On their second release, ‘EP2’, No Peeling sharpen an already volatile formula into something more elastic, more deliberate in its mischief, and paradoxically more controlled in its chaos. What began in Nottingham as a studio-bound experiment between five friends (Sophie Diver, Phil Booth, Nick Oakden, Dan Sheen, and Dom Durkin), now carries the muscle memory of a live band, and that shift is immediately audible. The songs still arrive in short bursts, but they no longer feel like fragments competing for space; instead, they behave like tightly coiled mechanisms, snapping open and shut with uncanny precision.
“Campaign for a Nice Time” sets the tone with a kind of cheerful abrasion, its bright surfaces disguising a meticulous internal logic. Guitars scrape and ricochet while synth lines dart in and out like competing narrators, never quite settling on a shared perspective. Sophie Diver’s vocal delivery threads through this activity with dry clarity, her phrasing cutting against the instrumental grain rather than riding it. The effect is disorienting in a productive way, as if the song is constantly rewriting its own rules mid-execution. “HGV Ted” accelerates the pulse without sacrificing detail. The rhythm section, locked in with an almost mechanical steadiness, acts as both anchor and engine, allowing the surrounding noise to veer into increasingly odd shapes. Here, the interplay between guitar and synth becomes more pronounced, less conversational than combative, each element trying to outpace the other while remaining tethered to the same underlying groove.

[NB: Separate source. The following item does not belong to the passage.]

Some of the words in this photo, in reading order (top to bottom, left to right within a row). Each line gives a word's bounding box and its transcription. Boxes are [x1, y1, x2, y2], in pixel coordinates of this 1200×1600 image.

With “Night Idea,” the band briefly leans into something resembling atmosphere, though even this is handled with a sense of impatience. Any hint of mood is quickly undercut by abrupt turns and clipped transitions, as though the band is wary of lingering too long in one place. Diver’s observations land with particular sharpness here, her voice positioned not as a focal point but as another percussive element within the arrangement. “Mascot Fight” feels like the record’s most overtly physical moment, driven by a rhythmic insistence that borders on confrontational. The track’s structure is deceptively simple, but its execution is anything but; every beat seems to carry a slight variation, a subtle disruption that prevents it from settling into predictability. The band’s collective timing—honed through performance—keeps the piece from spinning apart.

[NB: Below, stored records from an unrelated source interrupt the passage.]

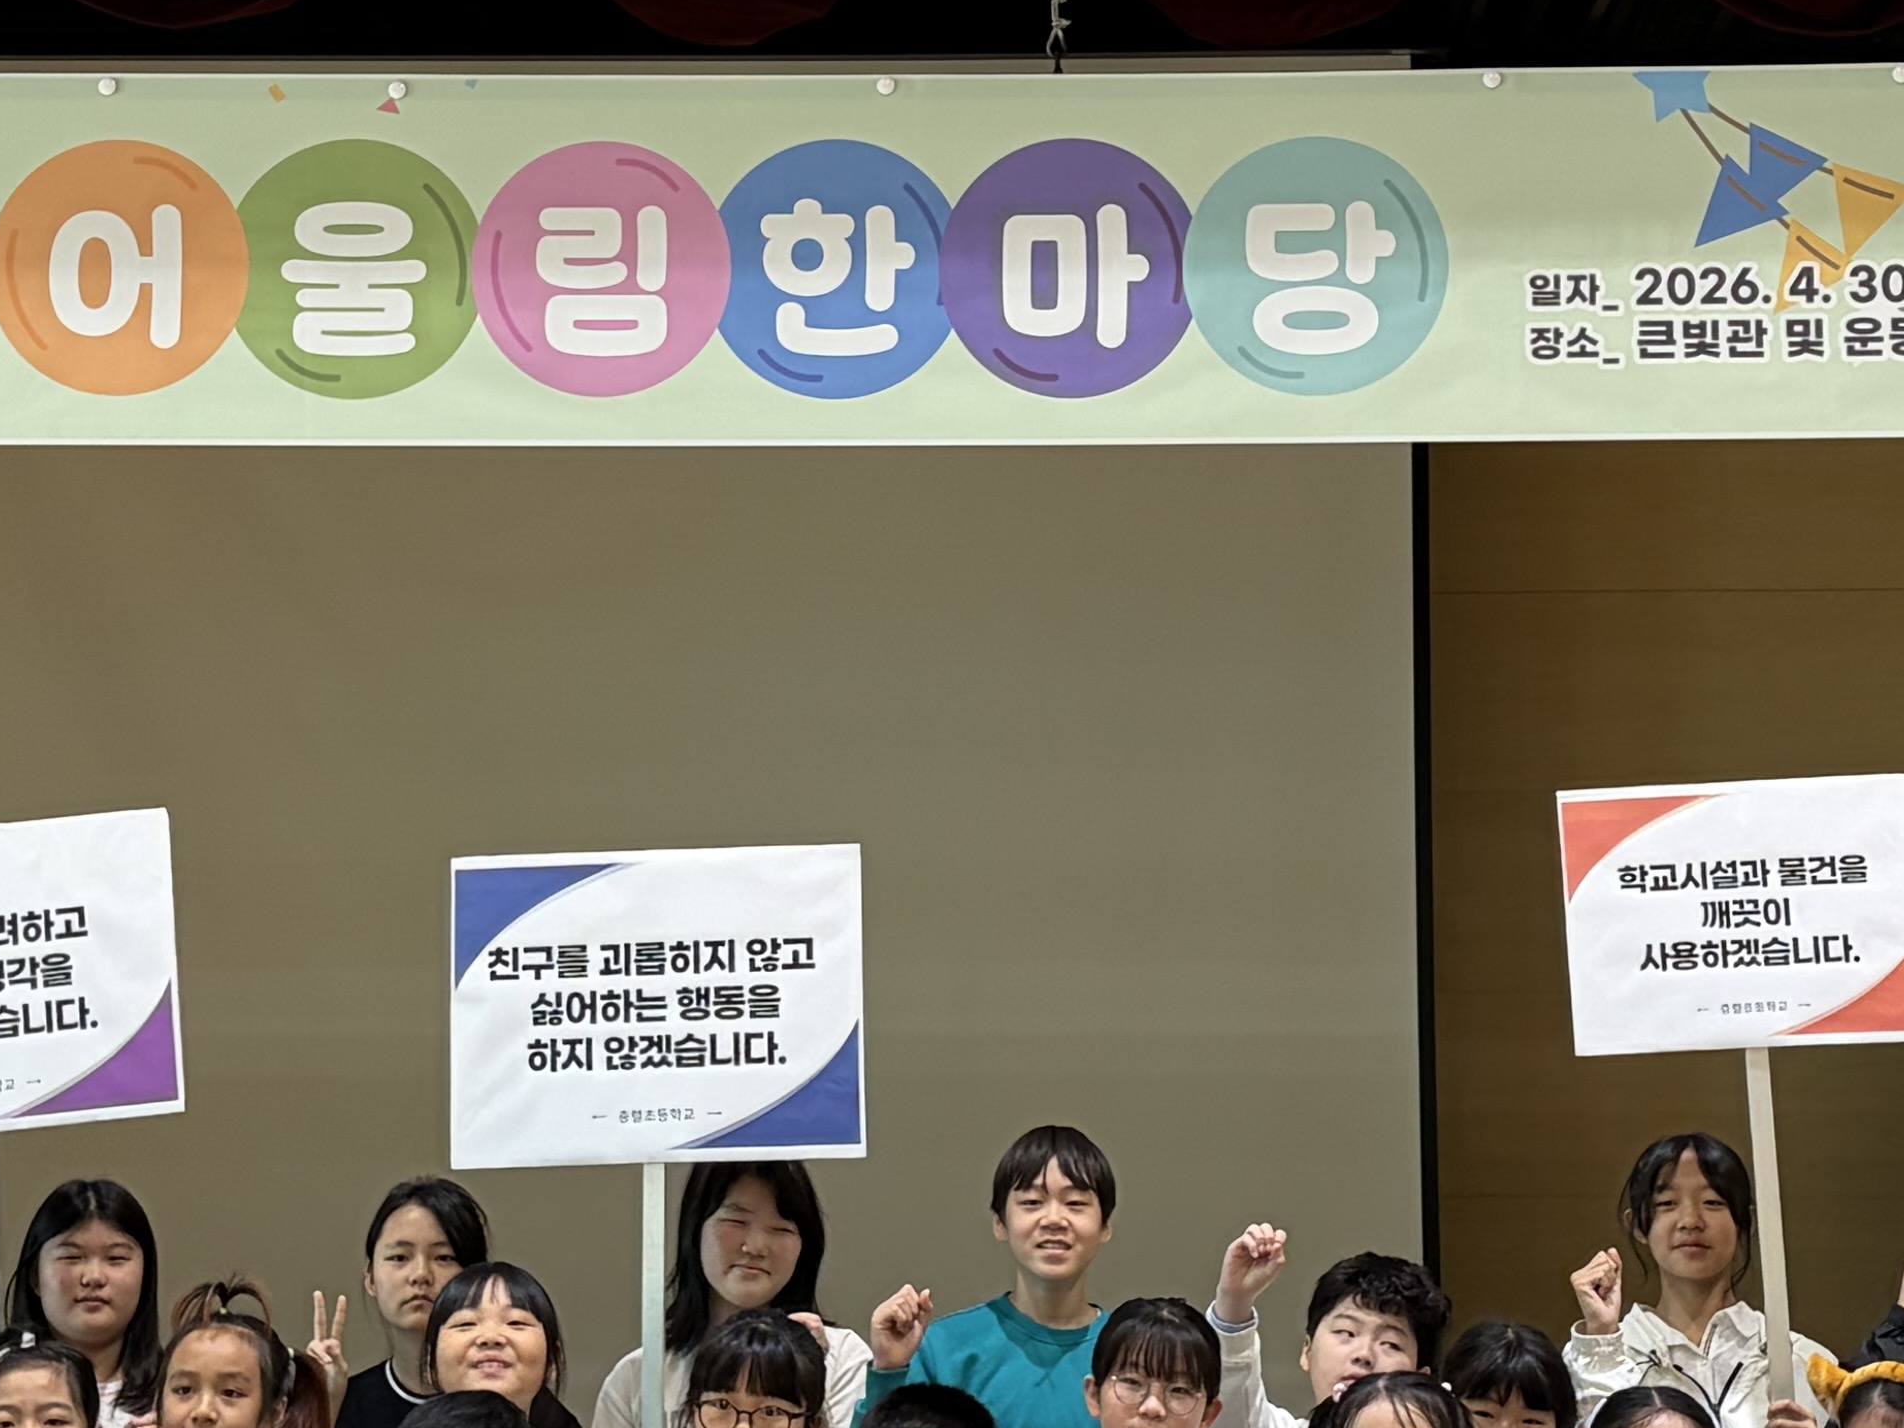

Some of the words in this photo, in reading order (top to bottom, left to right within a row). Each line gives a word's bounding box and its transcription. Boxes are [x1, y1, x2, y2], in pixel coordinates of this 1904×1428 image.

[1529, 273, 1619, 310] 일자_
[1635, 267, 1772, 305] 2026.
[1790, 267, 1832, 303] 4.
[1530, 325, 1619, 364] 장소_
[1637, 320, 1766, 359] 큰빛관
[1786, 318, 1823, 357] 및
[1617, 858, 1771, 894] 학교시설과
[1777, 854, 1868, 886] 물건을
[1700, 897, 1791, 929] 깨끗이
[487, 943, 589, 982] 친구를
[599, 938, 736, 979] 괴롭히지
[745, 937, 816, 973] 않고
[1639, 934, 1861, 972] 사용하겠습니다.
[531, 989, 668, 1027] 싫어하는
[676, 984, 781, 1021] 행동을
[527, 1037, 594, 1073] 하지
[603, 1031, 788, 1070] 않겠습니다.

“Stationery” pivots toward a more fragmented approach, its ideas arriving in quick succession without obvious connective tissue. Yet the coherence lies in the band’s shared sensibility: an instinct for when to cut, when to collide, when to leave something unresolved. It’s here that the DIY origins of the project feel most present, not as limitation but as an aesthetic choice, an embrace of immediacy over refinement. “After School” introduces a fleeting sense of narrative, its title hinting at routine while the music actively resists it. The groove is among the tightest on the record, providing a stable foundation for the surrounding disarray. Diver’s lyrics, as throughout ‘EP2’, draw from the banal and the absurd in equal measure, elevating everyday details into something slightly uncanny without overstating their significance.

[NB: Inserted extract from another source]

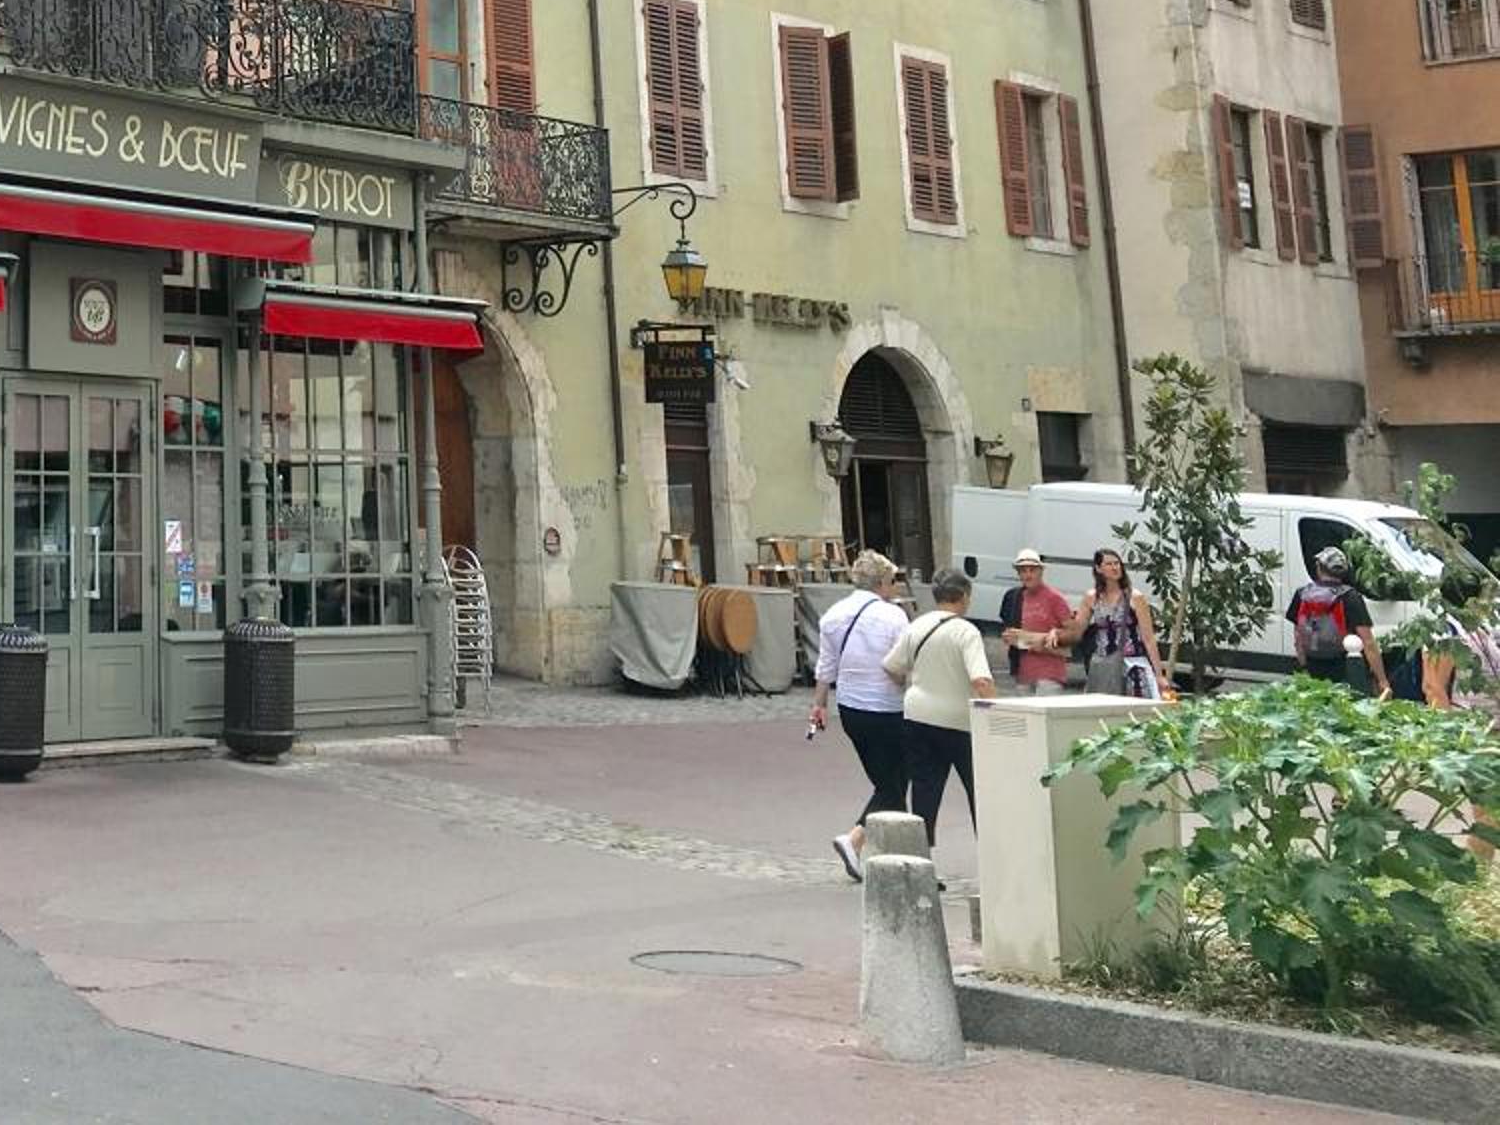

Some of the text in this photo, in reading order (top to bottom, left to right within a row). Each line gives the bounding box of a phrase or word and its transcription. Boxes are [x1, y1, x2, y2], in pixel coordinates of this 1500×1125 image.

Closing track “Crimes Against Buffet” distills the band’s approach into its most concentrated form. It is restless, playful, and faintly antagonistic, refusing to resolve even as it reaches its endpoint. The song collapses in on itself just as it seems poised to expand, leaving behind a sense of unfinished business that feels entirely intentional.
Across ‘EP2’, No Peeling operate as a true collective. The guitars and synths, handled by members whose identities blur into the project’s shared ethos, rarely function in isolation, instead forming a shifting surface over which the rhythm section exerts quiet authority. That foundation allows Diver’s voice to move freely, delivering observations that are at once detached and incisive. The result is a record that captures the immediacy of a band discovering its own momentum without losing the conceptual curiosity that defined its beginnings.
If the debut introduced a world of compressed ideas and rapid-fire execution, ‘EP2’ expands that world without diluting its intensity. It suggests a band not interested in smoothing out its rough edges, but in refining how those edges interact; how they cut, deflect, and occasionally align.